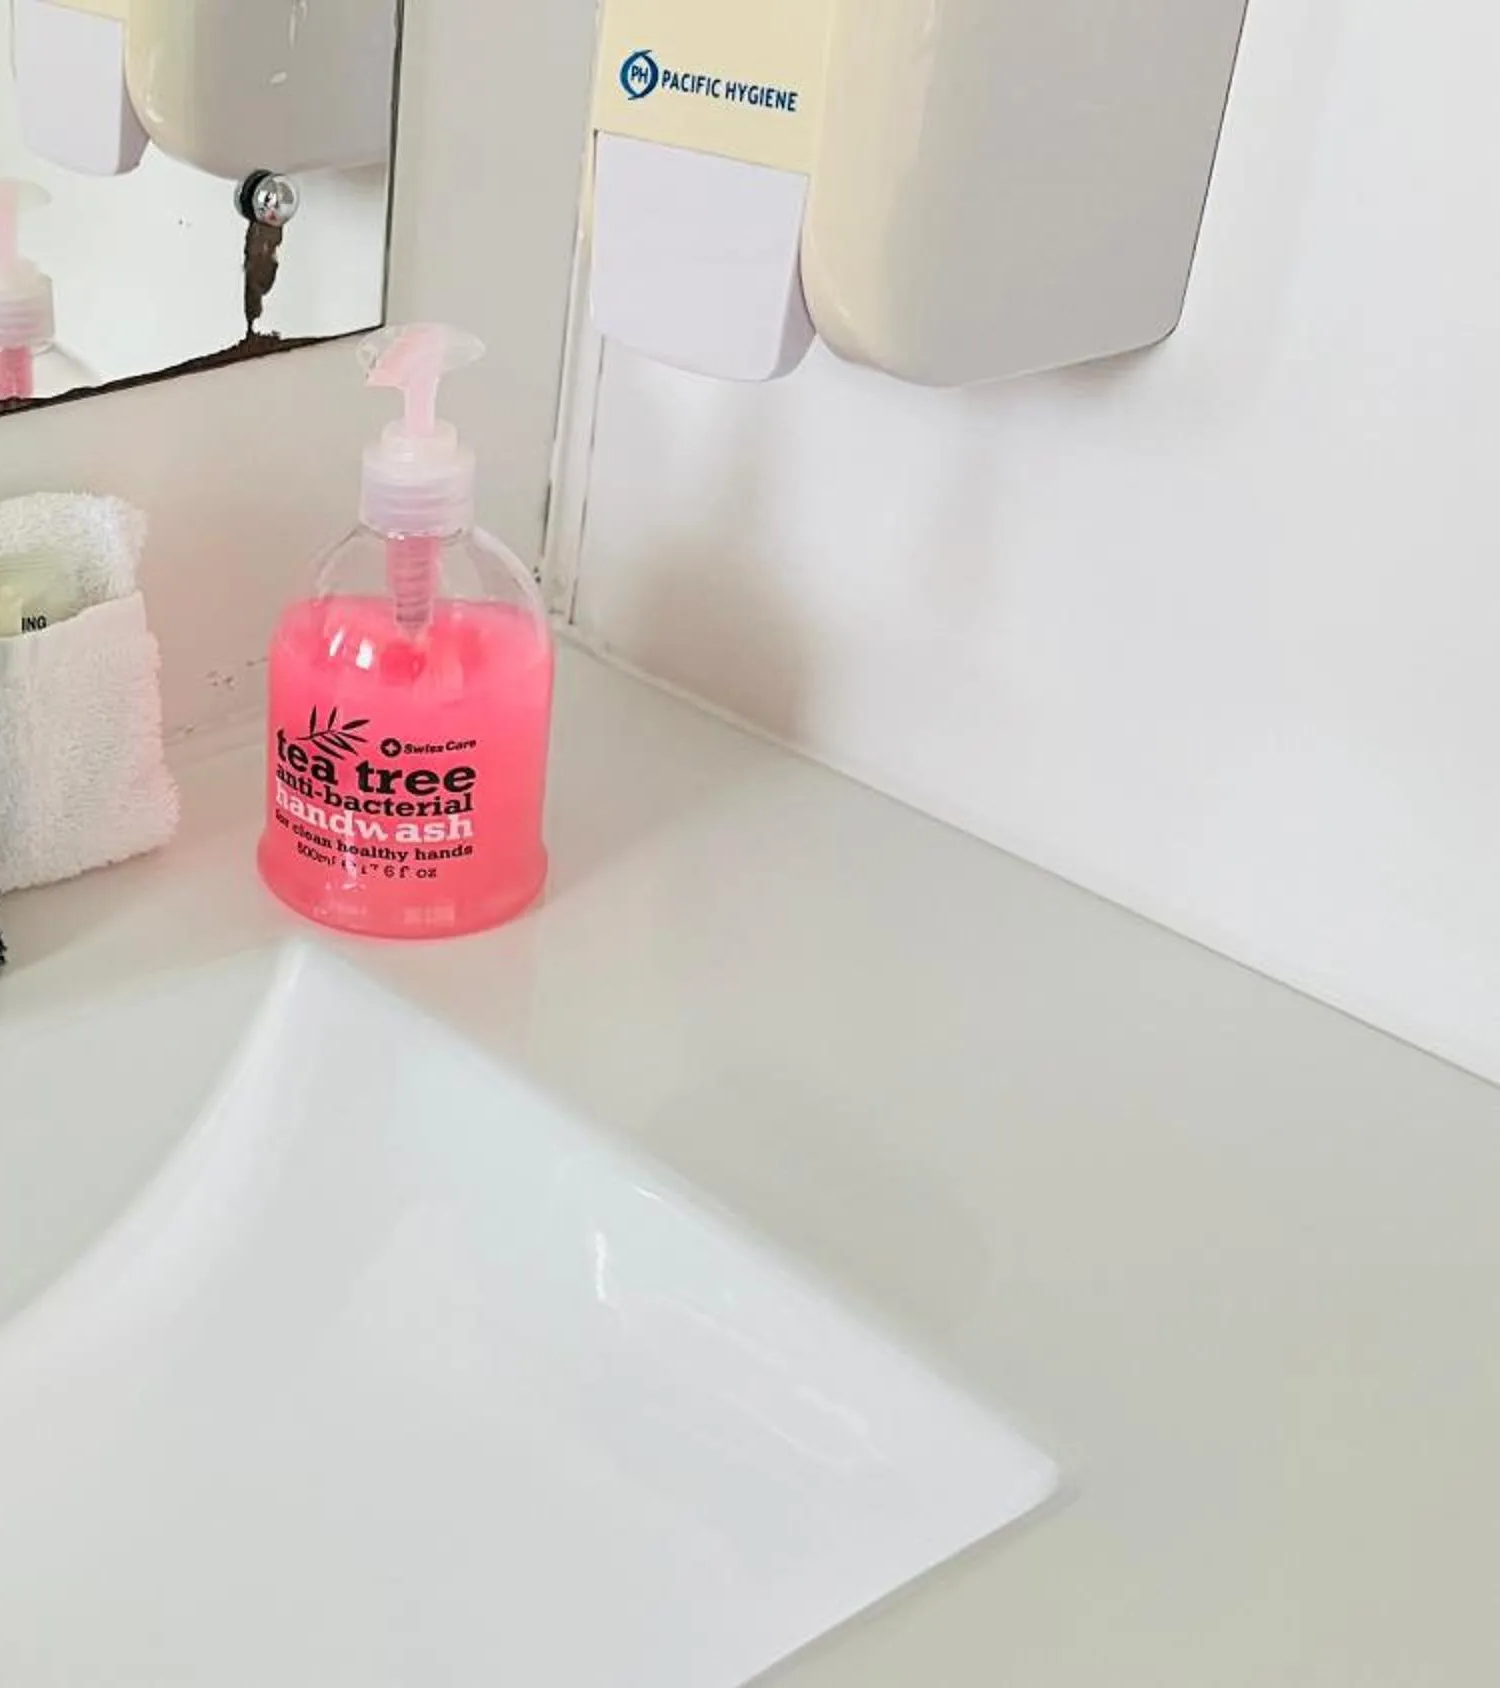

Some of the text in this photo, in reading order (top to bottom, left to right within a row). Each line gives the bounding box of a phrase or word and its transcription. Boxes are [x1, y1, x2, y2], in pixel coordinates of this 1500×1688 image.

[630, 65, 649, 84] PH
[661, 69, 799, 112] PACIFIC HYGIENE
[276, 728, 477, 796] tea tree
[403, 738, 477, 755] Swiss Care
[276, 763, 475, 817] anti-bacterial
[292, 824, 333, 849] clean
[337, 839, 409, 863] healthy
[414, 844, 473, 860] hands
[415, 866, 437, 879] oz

● ● ● ●

Brief:
Reproduce the listing exactly, minus its pictures.

Result of the task:
Some of the text in this photo, in reading order (top to bottom, left to right within a row). Each line gives the bounding box of a phrase or word and its transcription. Boxes are [x1, y1, x2, y2], in pixel coordinates of this 1500×1688 image.

[630, 65, 649, 84] PH
[661, 69, 799, 112] PACIFIC HYGIENE
[276, 728, 477, 796] tea tree
[403, 738, 477, 755] Swiss Care
[276, 763, 475, 817] anti-bacterial
[292, 824, 333, 849] clean
[337, 839, 409, 863] healthy
[414, 844, 473, 860] hands
[415, 866, 437, 879] oz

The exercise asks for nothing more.